Collection entries:
=-=-=

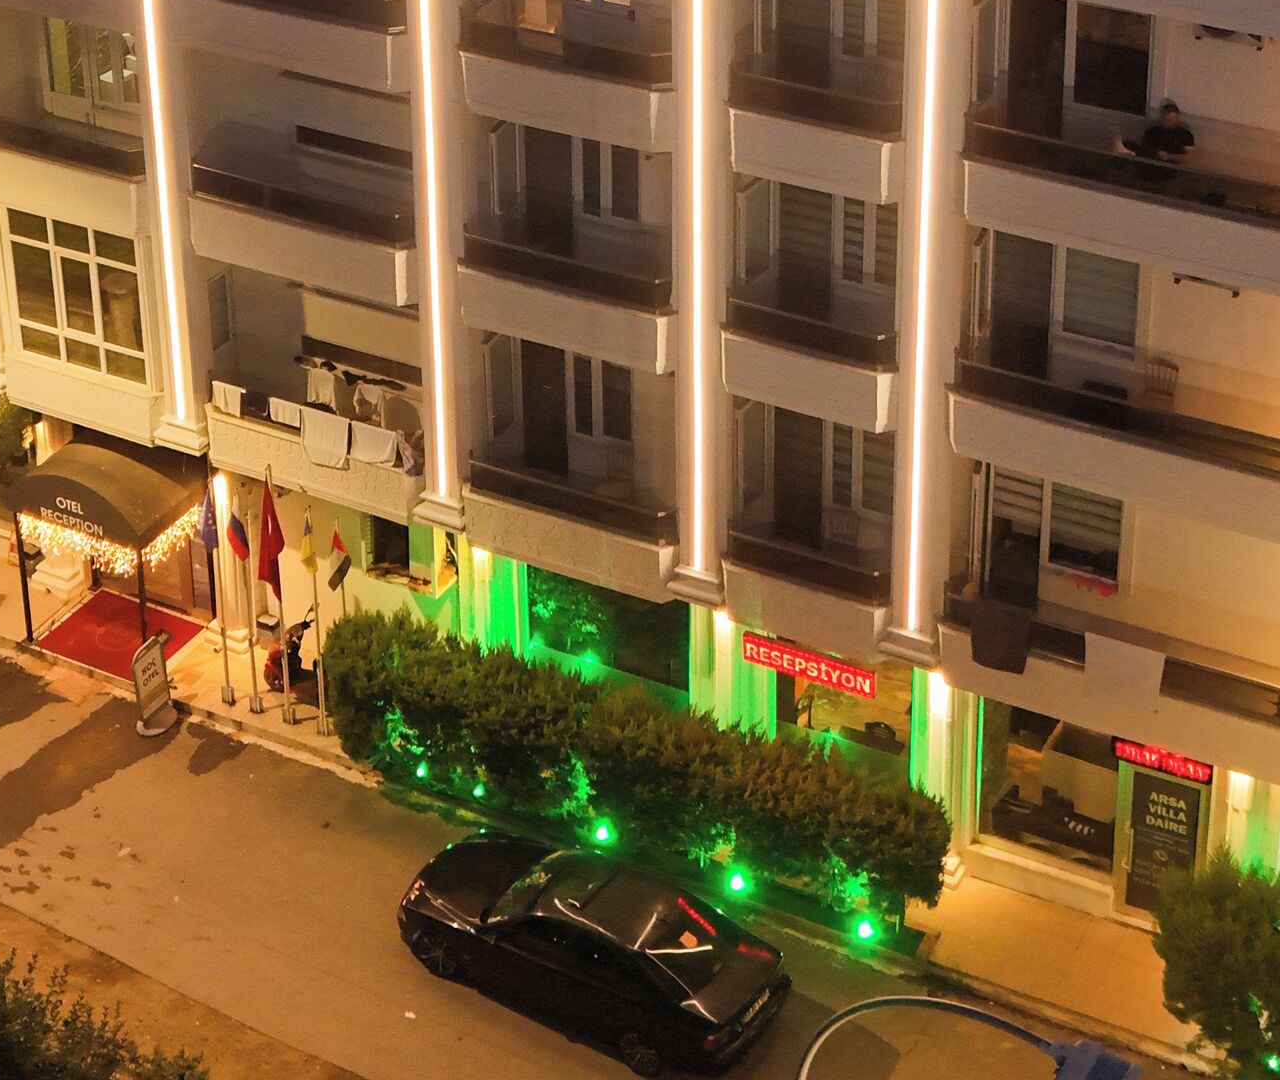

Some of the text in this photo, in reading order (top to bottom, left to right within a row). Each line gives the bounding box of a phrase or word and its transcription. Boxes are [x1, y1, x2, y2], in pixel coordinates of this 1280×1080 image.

[55, 496, 84, 515] OTEL
[40, 506, 103, 537] RECEPTION
[1149, 791, 1187, 811] ARSA
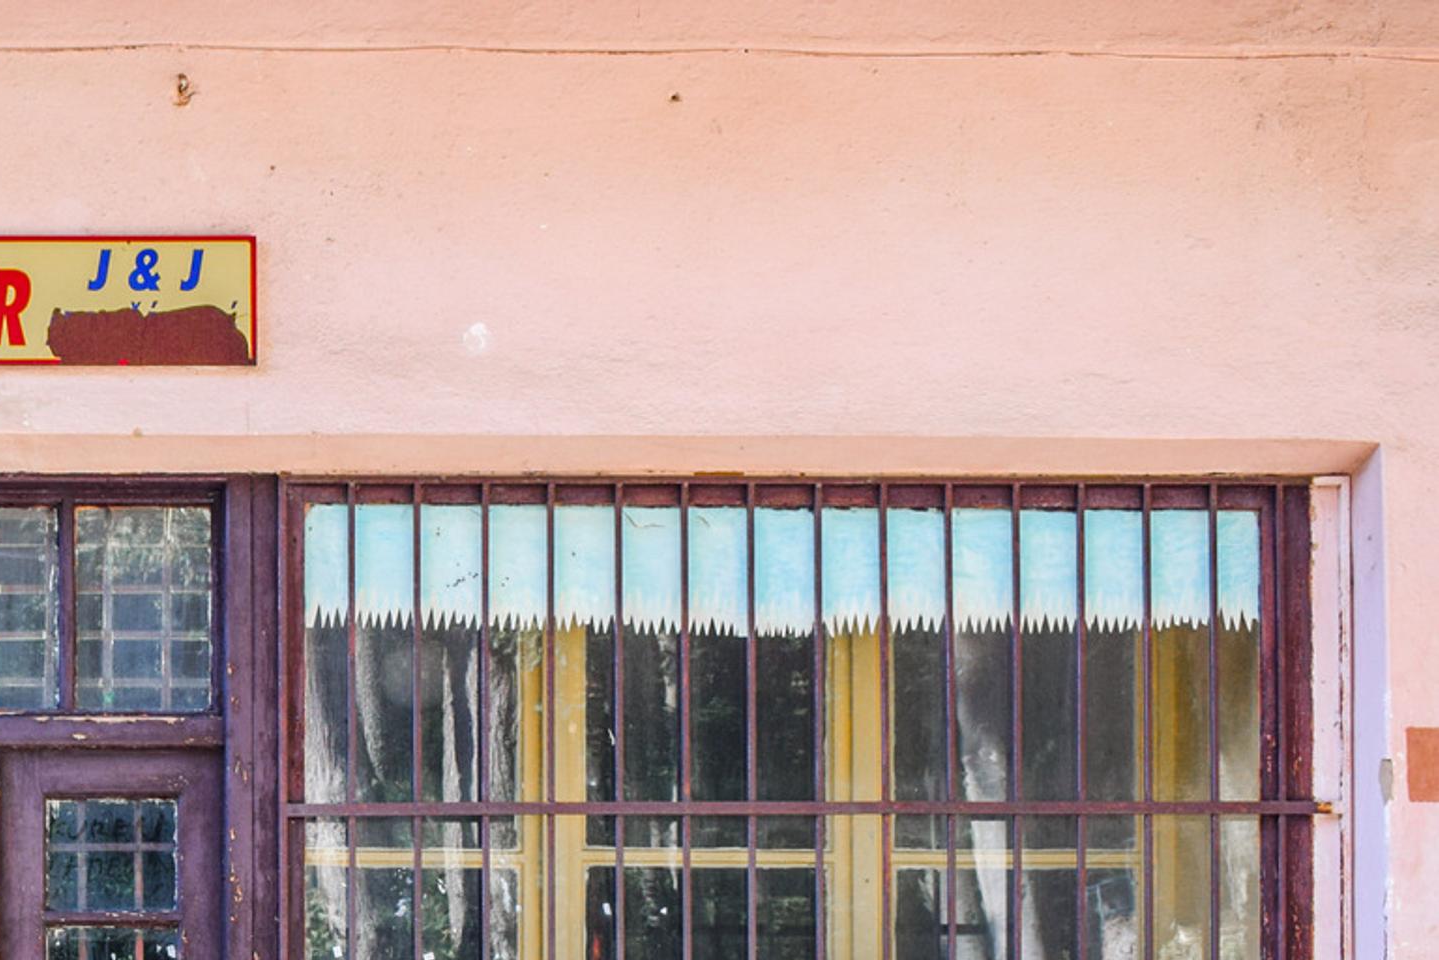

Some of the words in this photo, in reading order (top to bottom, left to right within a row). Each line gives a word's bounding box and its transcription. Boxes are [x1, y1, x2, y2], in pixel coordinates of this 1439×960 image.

=-=-=

• Task statement
Every entry should be returned exactly as written, minus the pictures.

• Solved problem
Some of the text in this photo, in reading order (top to bottom, left to right within a row). Each line gives the bounding box of a phrase or word and its transcription. Boxes are [x1, y1, x2, y2], in pixel coordinates of this 1280×1080 image.

[55, 496, 84, 515] OTEL
[40, 506, 103, 537] RECEPTION
[1149, 791, 1187, 811] ARSA

Some of the words in this photo, in reading order (top to bottom, left to right within a row). Each line gives a word's bounding box and its transcription. Boxes are [x1, y1, x2, y2], in pixel coordinates of this 1439×960 image.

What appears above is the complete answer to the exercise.